>>>>>

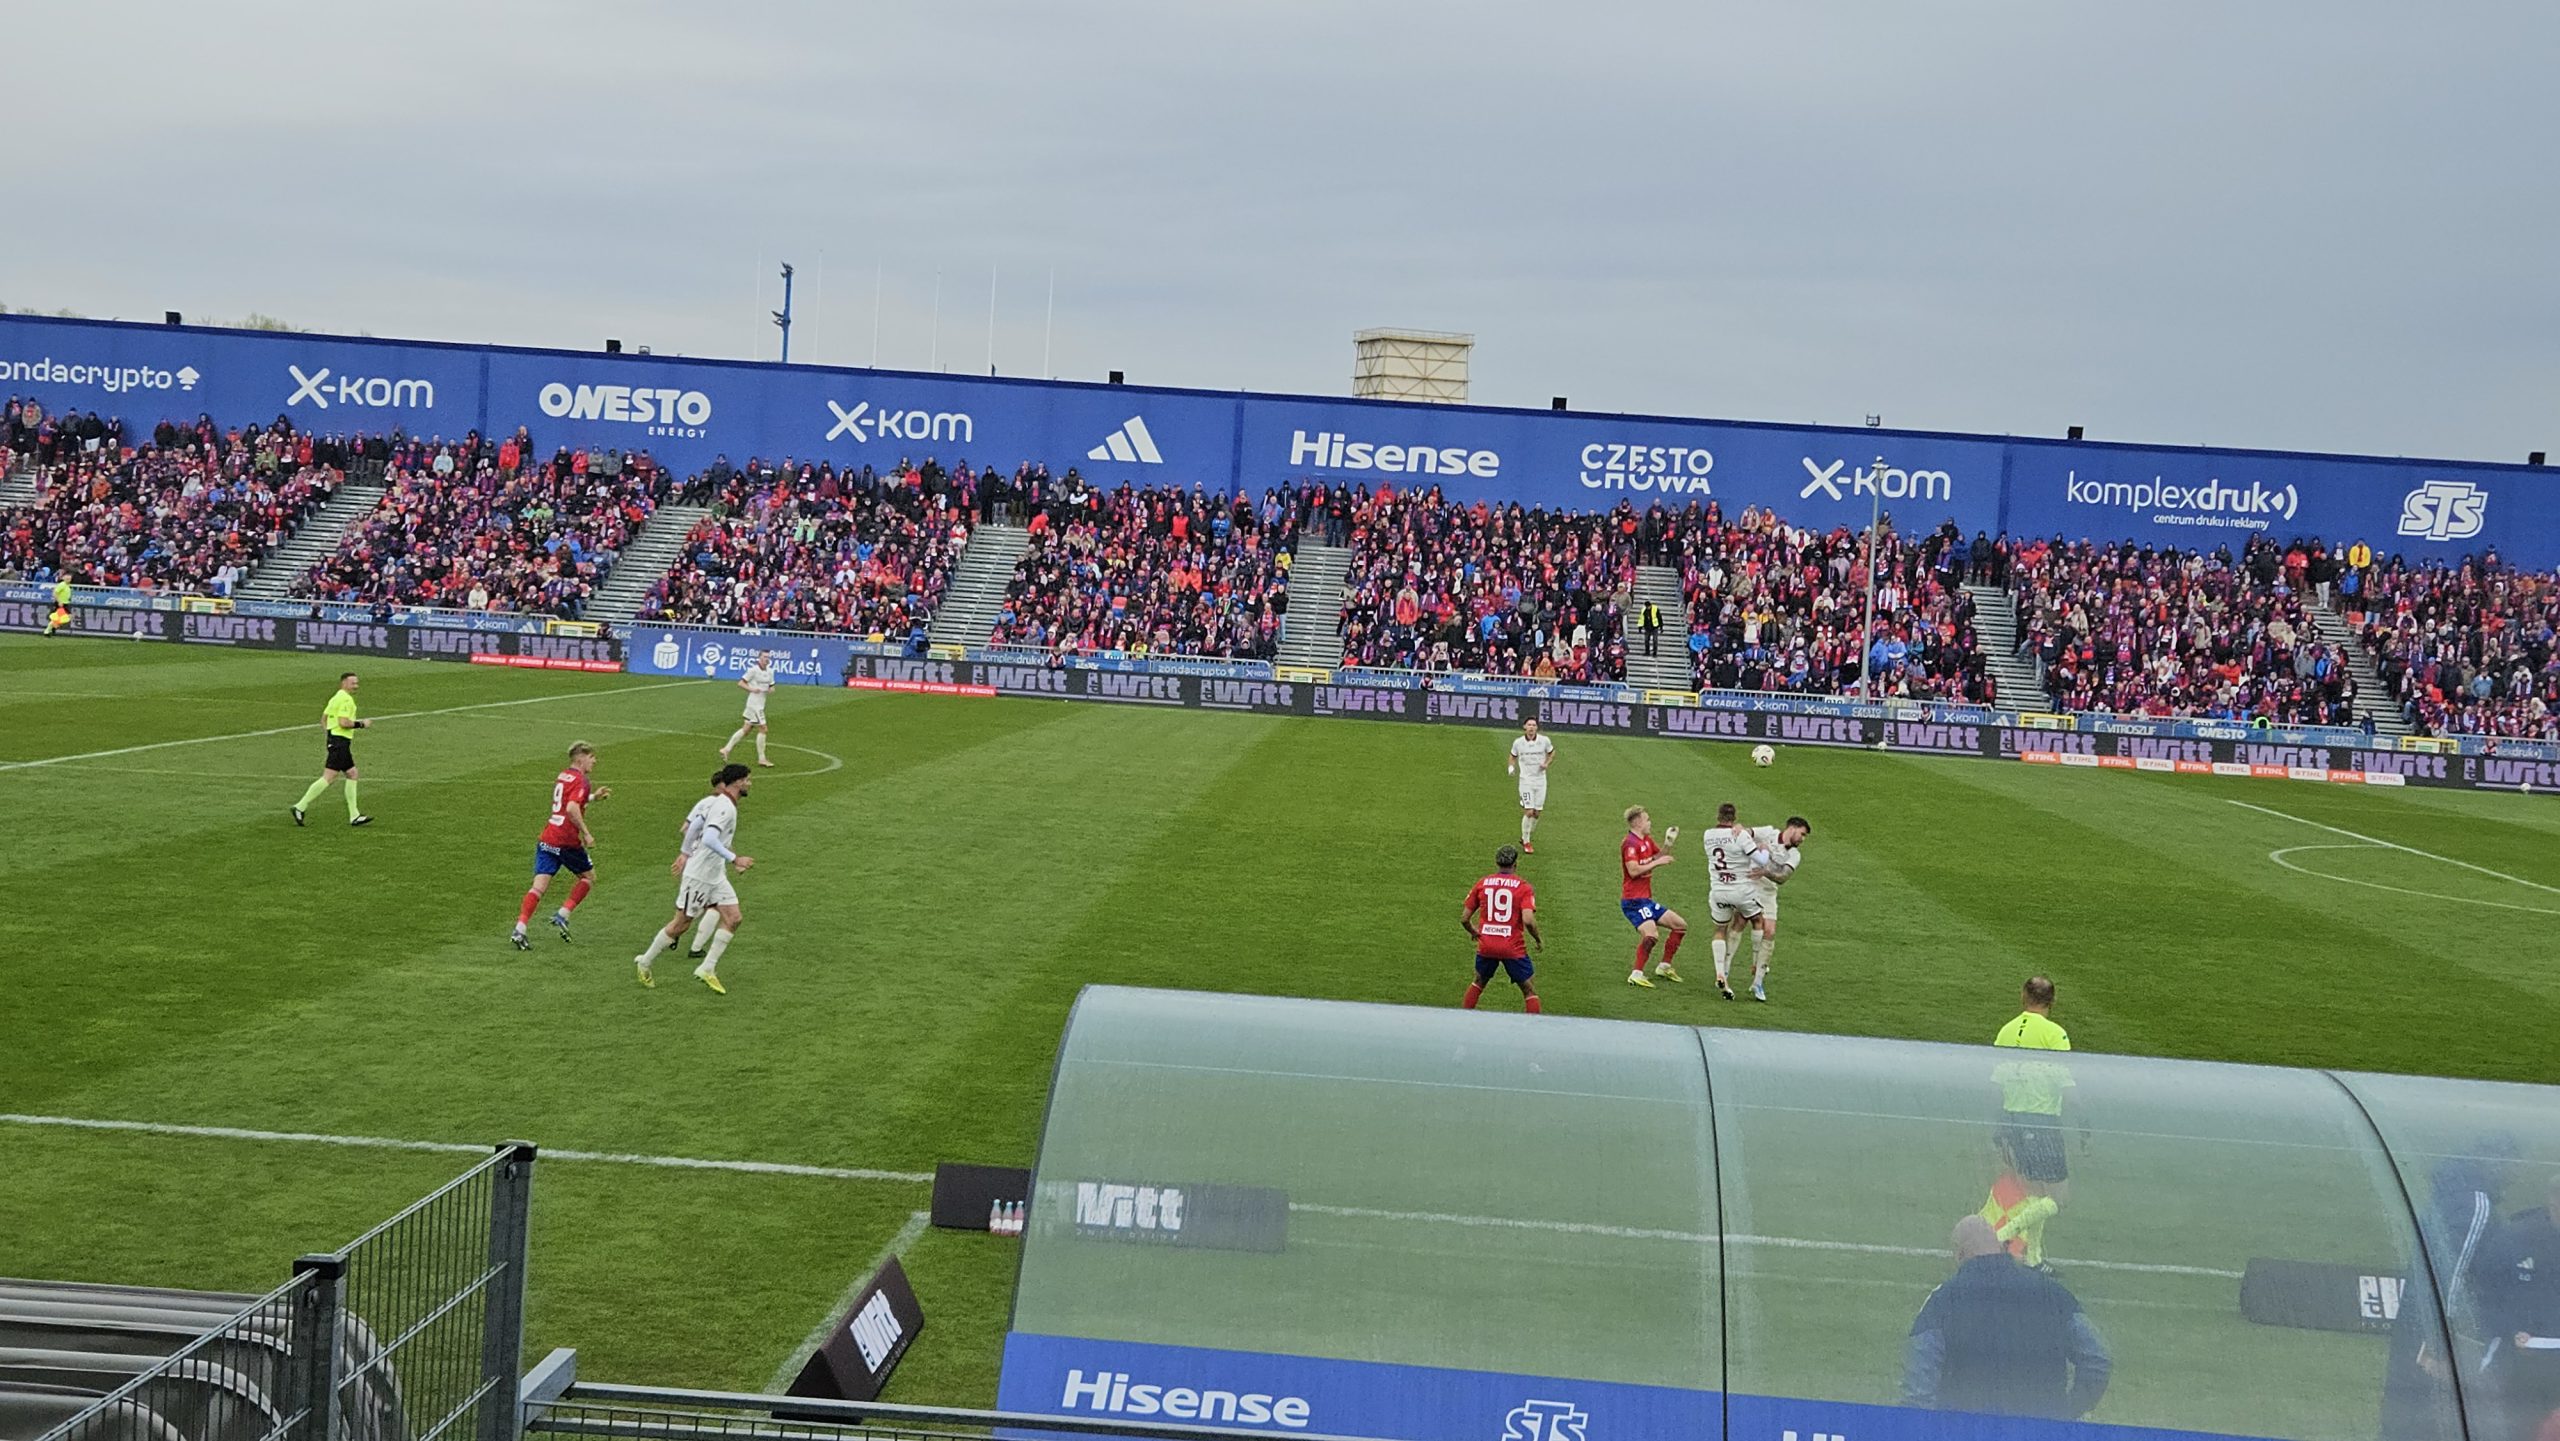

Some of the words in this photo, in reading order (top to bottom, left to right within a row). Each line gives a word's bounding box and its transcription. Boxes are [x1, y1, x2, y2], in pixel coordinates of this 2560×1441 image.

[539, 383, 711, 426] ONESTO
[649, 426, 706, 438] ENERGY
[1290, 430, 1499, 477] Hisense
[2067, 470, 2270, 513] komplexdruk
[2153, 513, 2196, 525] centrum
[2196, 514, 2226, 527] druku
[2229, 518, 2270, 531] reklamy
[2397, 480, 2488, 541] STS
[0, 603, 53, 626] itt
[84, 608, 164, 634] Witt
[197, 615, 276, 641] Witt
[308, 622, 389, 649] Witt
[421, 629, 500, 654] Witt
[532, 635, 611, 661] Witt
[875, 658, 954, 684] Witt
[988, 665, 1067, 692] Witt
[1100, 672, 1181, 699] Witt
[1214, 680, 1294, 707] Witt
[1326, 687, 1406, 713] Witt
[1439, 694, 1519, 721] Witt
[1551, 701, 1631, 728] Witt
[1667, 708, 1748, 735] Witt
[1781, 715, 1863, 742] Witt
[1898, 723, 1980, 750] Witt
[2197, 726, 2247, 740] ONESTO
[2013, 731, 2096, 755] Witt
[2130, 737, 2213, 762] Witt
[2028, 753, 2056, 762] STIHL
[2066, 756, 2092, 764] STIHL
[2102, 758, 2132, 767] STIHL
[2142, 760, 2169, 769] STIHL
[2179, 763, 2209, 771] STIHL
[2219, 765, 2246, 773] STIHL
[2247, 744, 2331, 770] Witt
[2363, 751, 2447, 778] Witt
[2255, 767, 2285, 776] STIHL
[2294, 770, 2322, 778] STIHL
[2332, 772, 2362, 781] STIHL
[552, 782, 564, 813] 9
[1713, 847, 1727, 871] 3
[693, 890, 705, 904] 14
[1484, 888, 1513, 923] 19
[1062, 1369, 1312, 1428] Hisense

<<<<<

» DIRECTIONS FOR THIS TASK
Show every line in the entries where the string "ONESTO" occurs.

» SOLUTION FOR THIS TASK
[539, 383, 711, 426] ONESTO
[2197, 726, 2247, 740] ONESTO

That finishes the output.